There’s no question the transition to ICD-10 will bring with it a significant loss in coder productivity. If left unaddressed, this loss of productivity will cause hospitals to get bills out more slowly. And if addressed incompletely, it will cause hospitals to incur excessive expense in increased coder headcount. Fortunately, there is still time to greatly narrow the productivity gap to protect revenue and to minimize the need to add coding resources that are increasingly difficult to secure. The key is to move quickly and with precision in addressing the root causes of productivity loss.
ICD-10 productivity loss stems from both the coding system’s newness and complexity. The fact that coders must master a completely different coding system means that experienced coders face a steep learning curve until they hit peak productivity, and those entering the profession have much more to master than in the past to become fully productive. Even when coders reach peak performance with ICD-10, they will perform at a slower pace than in ICD-9 simply because of the tremendous increase in complexity.
The short- and long-term impact of ICD-10 on coder productivity poses two questions of HIM departments if they are to achieve ICD-10 readiness efficiently and effectively:
- Do you know precisely what aspects of ICD-10 are slowing down your coders so that you can address them head-on to minimize productivity loss?
- Can you quantify the remaining productivity loss so that you can know precisely what resources you need to add?
The most common approach to ICD-10 readiness is to train coders with e-learning and dual-coding, but that won’t provide an answer to either of these questions. It also won’t necessarily lead to coder performance improvement unless accompanied by productivity tracking and extensive coding review and feedback as the basis for continuing coder education. The shortcoming of dual-coding is that it doesn’t direct attention to what is actually slowing down the individual. Random, untargeted dual-coding is also inefficient, with coders spending time on aspects of ICD-10 that aren’t causing issues as well as those that are.
To more precisely and efficiently get coders up to speed requires pinpointing, at the DRG level for individual coders, the root causes of productivity loss—and that requires an analytical approach to training. Data-based, analytical ICD-10 readiness tools can establish coder-specific baselines for performance in the ICD-10 environment compared to ICD-9 and reveal which DRGs affect productivity, by how much, for each coder. This in turn enables the focusing of coder training attention specifically on problem areas to bring up productivity by addressing core issues.
HIM departments that employ analytics in ICD-10 training invariably uncover initial productivity losses of between 50 and 70 percent—with less than a dozen DRGs causing up to 90 percent of that loss. Because analytics can reveal not just the problem DRGs but the amount of productivity loss associated with each, they can be attacked in order of impact for the fastest return on training investment. Analytic ICD-10 readiness tools typically include productivity tracking to provide certainty of progress.
HIM directors who take these measures to identify and address issues immediately have a year to focus coders for optimal improvement in advance of the transition, often minimizing productivity loss to the long-term target of 20 percent realized in countries that adopted ICD-10 years ago. They can also realize these improvements more efficiently by focusing specifically on areas where individuals are struggling, rather than simply having coders practice in ICD-10 overall.

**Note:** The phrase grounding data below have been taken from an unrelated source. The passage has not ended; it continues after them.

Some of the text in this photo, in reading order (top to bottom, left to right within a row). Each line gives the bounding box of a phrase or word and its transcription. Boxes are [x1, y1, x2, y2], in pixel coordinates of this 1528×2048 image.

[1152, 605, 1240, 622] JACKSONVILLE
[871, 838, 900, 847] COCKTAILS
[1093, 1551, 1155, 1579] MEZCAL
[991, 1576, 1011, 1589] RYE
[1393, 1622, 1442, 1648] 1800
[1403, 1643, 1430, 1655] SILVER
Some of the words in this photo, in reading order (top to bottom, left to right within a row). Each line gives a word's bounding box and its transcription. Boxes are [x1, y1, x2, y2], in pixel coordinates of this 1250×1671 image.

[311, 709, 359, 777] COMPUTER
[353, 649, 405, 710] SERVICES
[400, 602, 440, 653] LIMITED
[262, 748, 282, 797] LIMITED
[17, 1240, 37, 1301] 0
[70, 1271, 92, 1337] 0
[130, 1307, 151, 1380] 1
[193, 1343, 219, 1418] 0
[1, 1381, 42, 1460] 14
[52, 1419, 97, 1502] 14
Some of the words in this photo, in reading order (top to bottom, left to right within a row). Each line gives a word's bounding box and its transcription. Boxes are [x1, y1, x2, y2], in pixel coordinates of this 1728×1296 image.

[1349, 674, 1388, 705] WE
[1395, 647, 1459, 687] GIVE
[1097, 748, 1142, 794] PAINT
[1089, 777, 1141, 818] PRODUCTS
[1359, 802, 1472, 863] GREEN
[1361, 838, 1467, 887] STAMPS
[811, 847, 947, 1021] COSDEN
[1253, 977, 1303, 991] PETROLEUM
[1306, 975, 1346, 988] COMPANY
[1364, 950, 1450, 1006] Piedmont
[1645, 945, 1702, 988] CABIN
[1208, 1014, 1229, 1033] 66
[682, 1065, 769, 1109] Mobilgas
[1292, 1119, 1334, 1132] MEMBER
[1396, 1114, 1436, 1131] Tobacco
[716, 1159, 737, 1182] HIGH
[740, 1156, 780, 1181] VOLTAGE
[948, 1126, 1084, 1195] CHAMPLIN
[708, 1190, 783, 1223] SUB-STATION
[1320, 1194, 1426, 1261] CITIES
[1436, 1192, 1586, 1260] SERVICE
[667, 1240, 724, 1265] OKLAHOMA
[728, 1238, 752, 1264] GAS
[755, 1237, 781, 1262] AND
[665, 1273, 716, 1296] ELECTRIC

Applying these techniques across an entire coding group to raise everyone’s performance levels will not only reduce the number of new coders that must be added, but will also quantify precisely what resources are required to fill the remaining productivity gap. Regardless of gains made in identifying issues and addressing them, ICD-10 complexity means that some productivity loss compared to ICD-9 will be long-term. If productivity loss is quantifiably reduced to 20 percent, 20 percent more coders are required for the group to perform at the same level as before.
It’s very important to quantify coder resource requirements well in advance of October 2015. There will inevitably be a shortage of skilled coders as the transition date approaches, and preparing a thorough resource plan early will be essential to doing the necessary hiring. The longer the delay, the harder it will be to get those resources, as those who plan best will have already hired many of them.
After the October 2015 transition, it will be critical to continue focusing on productivity and quality. An ongoing auditing plan can reveal opportunities for additional training efforts and uncover documentation issues that can be addressed with new policies and procedures.